In this article, you'll learn...

  • How to effectively mitigate a website problem
  • Why you don't need technical expertise to resolve website issues

Websites are a work in progress. They are launched with the hope that they will work properly, but problems inevitably arise, ranging from the minor "this is an annoyance" variety to an all-hands-on-deck, "red-alert!" crisis.

The way to move beyond any of those problems is, of course, to solve them. But many online marketers lack the requisite skills—or, in some cases, direct control of the site—to make website fixes themselves.

So what should marketers do when they encounter a website problem?
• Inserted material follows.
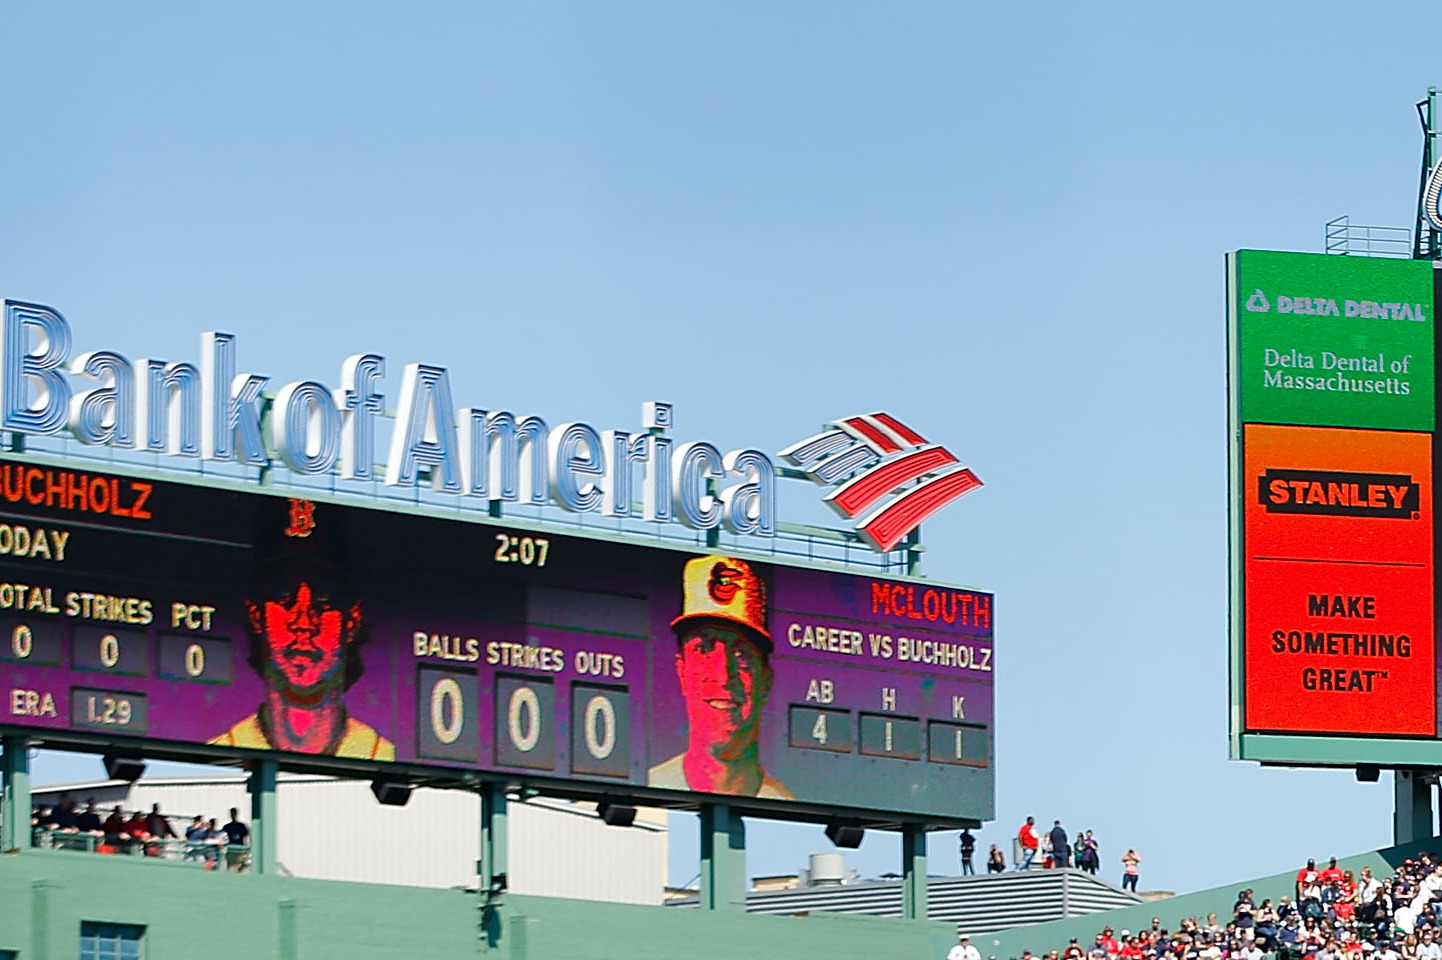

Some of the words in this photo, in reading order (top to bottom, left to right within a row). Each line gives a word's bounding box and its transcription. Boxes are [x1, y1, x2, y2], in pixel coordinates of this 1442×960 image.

1. I'm afraid I'll ruffle feathers by presenting problems I've found

Your developer, Web team, manager, or contractor is responsible for your site, and—as defensive as some of them may be when a problem arises—many appreciate knowing when something is wrong. However, the effort required to come up with a creative fix to a problem can often be more taxing than actually coding the fix.
Therefore, always offer a potential solution. Drawing attention to problems without offering suggestions for correcting them could come off as nitpickiness. On the other hand, presenting a fresh idea moves problem-solving one step forward and takes pressure off the person tasked with implementing the fix.

Even if your idea does not ultimately solve the problem, voicing it can help spur creativity to identify an approach that does work.

2. But I don't know what the solution should be!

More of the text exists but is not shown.